*** Opening ENTRIES PROVIDED ***

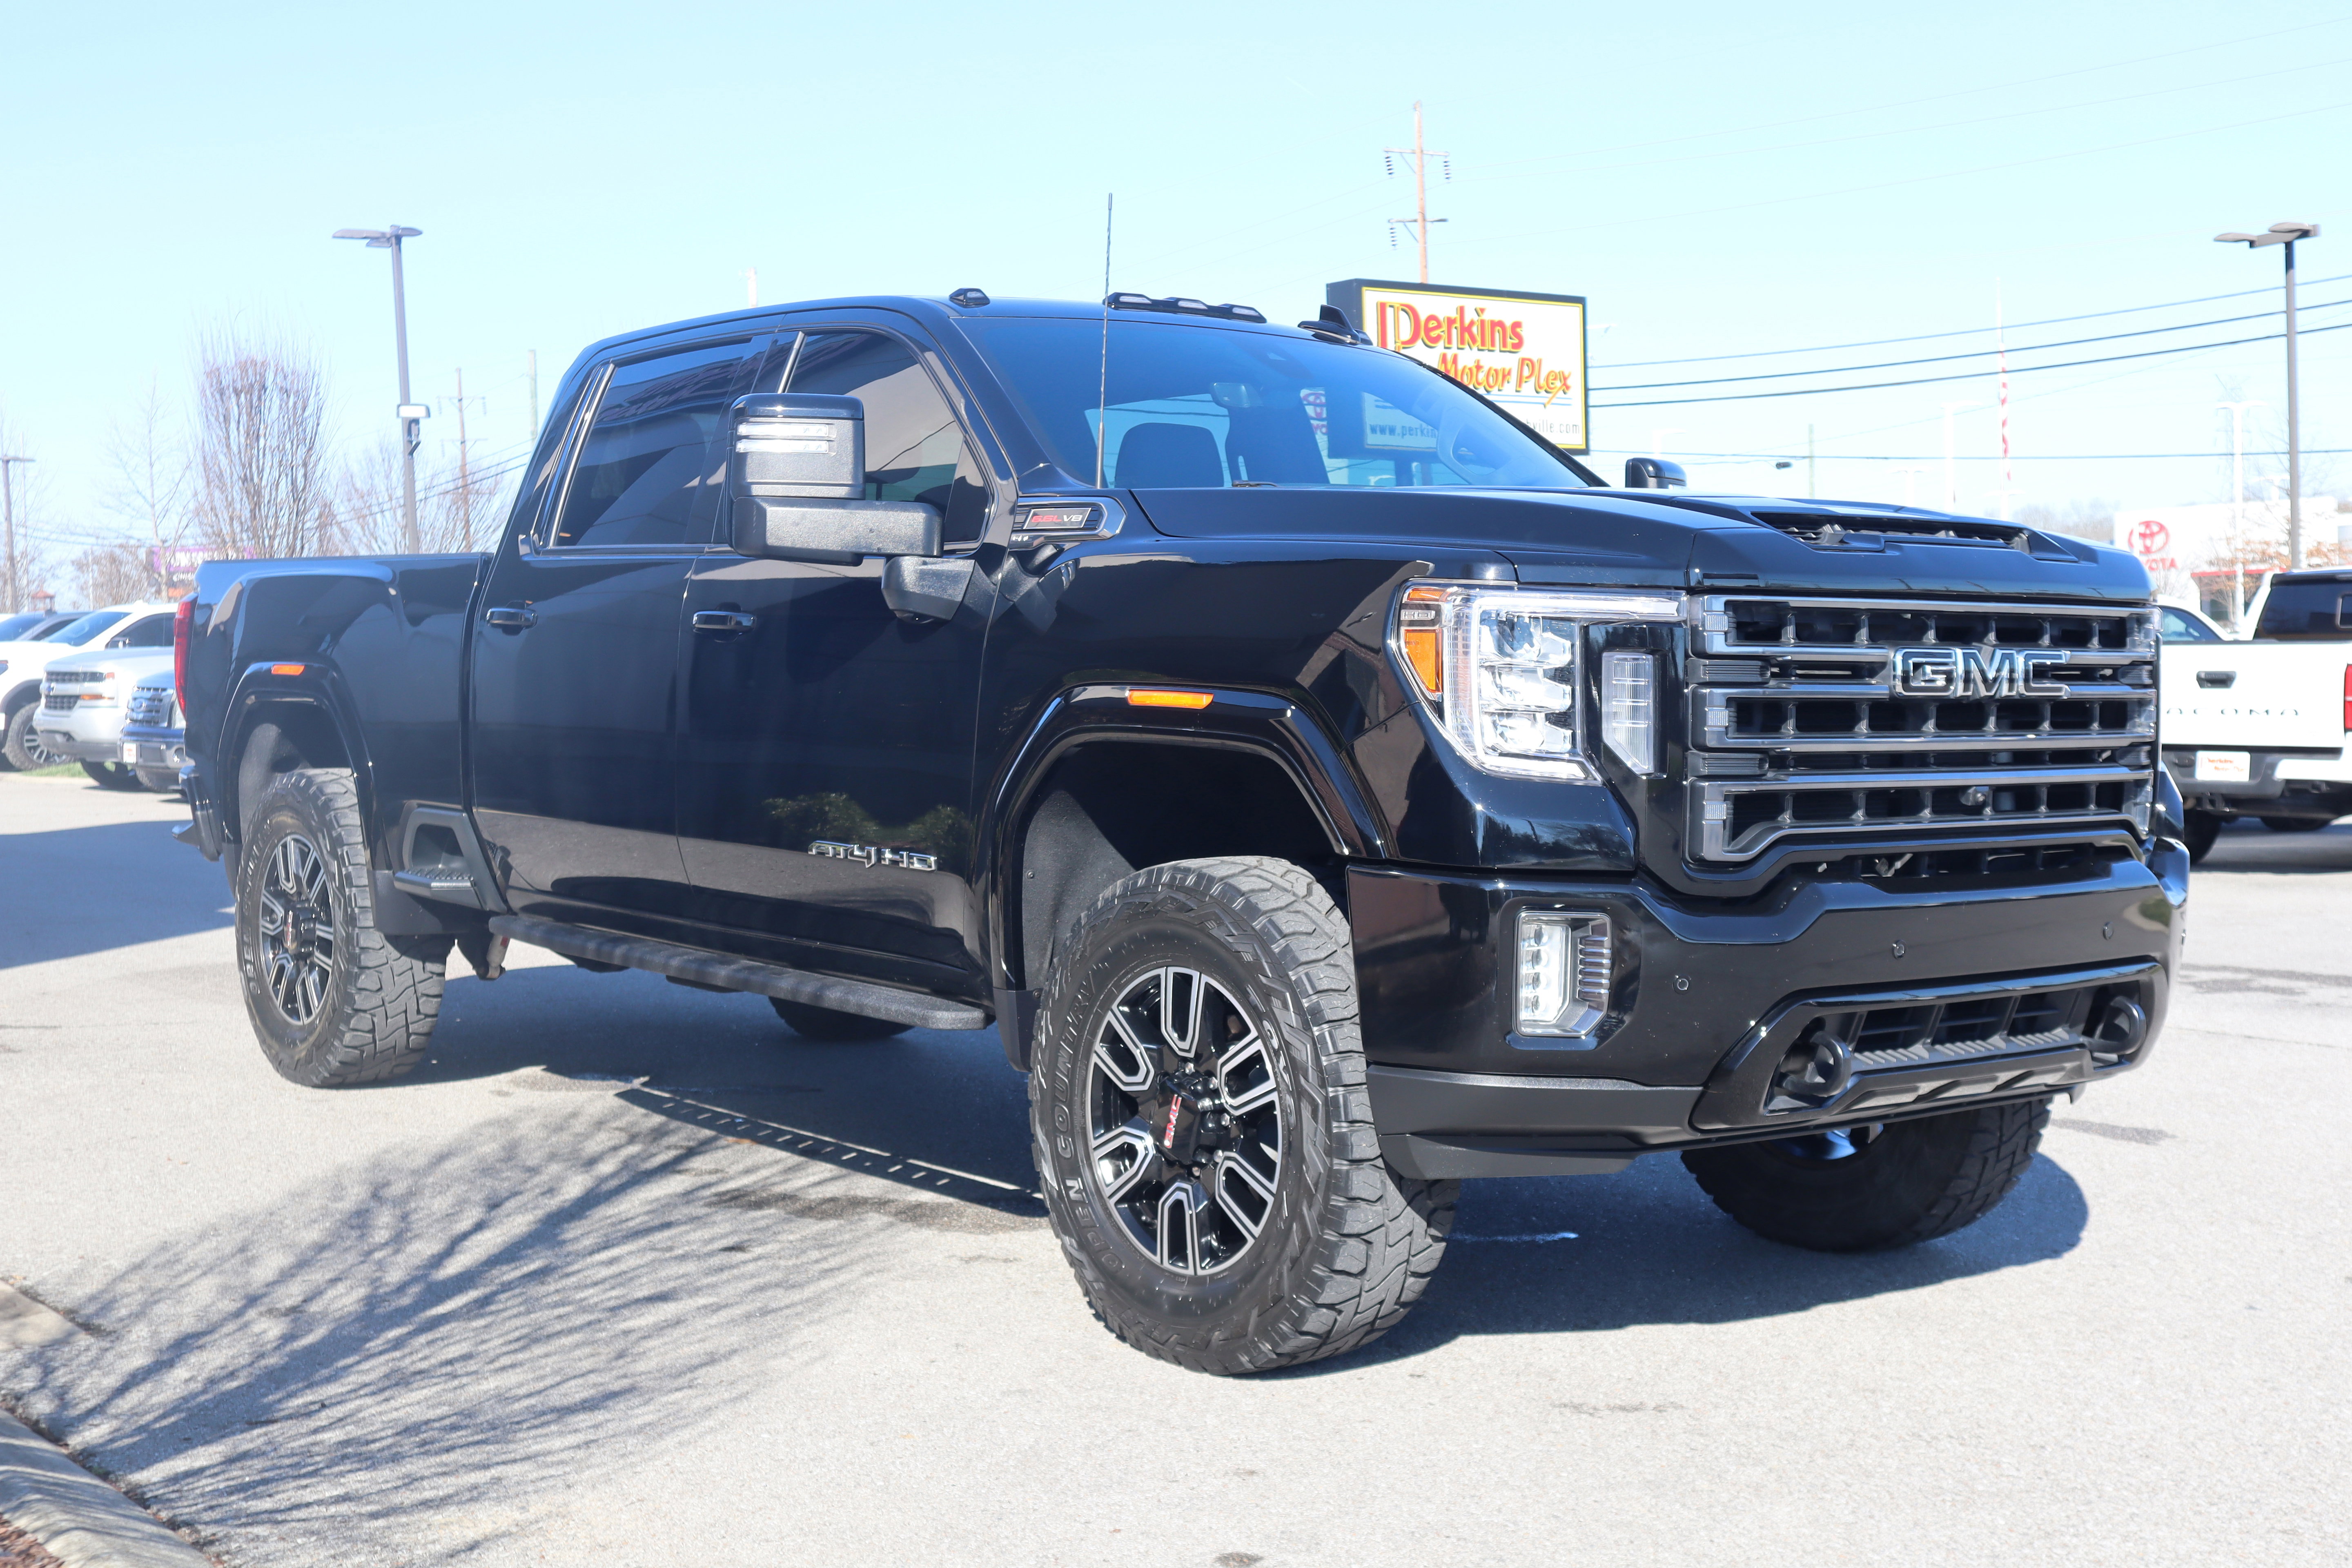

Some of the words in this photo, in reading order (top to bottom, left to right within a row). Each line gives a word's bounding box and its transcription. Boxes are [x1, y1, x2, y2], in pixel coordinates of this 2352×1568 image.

[1377, 301, 1524, 352] Perkins
[1438, 352, 1512, 391] Motor
[1515, 357, 1572, 408] Plex
[1063, 514, 1083, 522] V8
[2141, 557, 2180, 571] YOTA
[1893, 647, 2071, 699] GMC
[2166, 708, 2299, 716] ACOMA
[1054, 970, 1095, 1159] COUNTRY
[1164, 1094, 1183, 1149] GMC
[1065, 1177, 1124, 1273] OPEN

*** Closing ENTRIES PROVIDED ***

* _INSTRUCTIONS FOR THE TASK_
Write out the records above exactly. Pictures do not belong in the copy.

* _RESULT FOR THIS TASK_
Some of the words in this photo, in reading order (top to bottom, left to right within a row). Each line gives a word's bounding box and its transcription. Boxes are [x1, y1, x2, y2], in pixel coordinates of this 2352×1568 image.

[1377, 301, 1524, 352] Perkins
[1438, 352, 1512, 391] Motor
[1515, 357, 1572, 408] Plex
[1063, 514, 1083, 522] V8
[2141, 557, 2180, 571] YOTA
[1893, 647, 2071, 699] GMC
[2166, 708, 2299, 716] ACOMA
[1054, 970, 1095, 1159] COUNTRY
[1164, 1094, 1183, 1149] GMC
[1065, 1177, 1124, 1273] OPEN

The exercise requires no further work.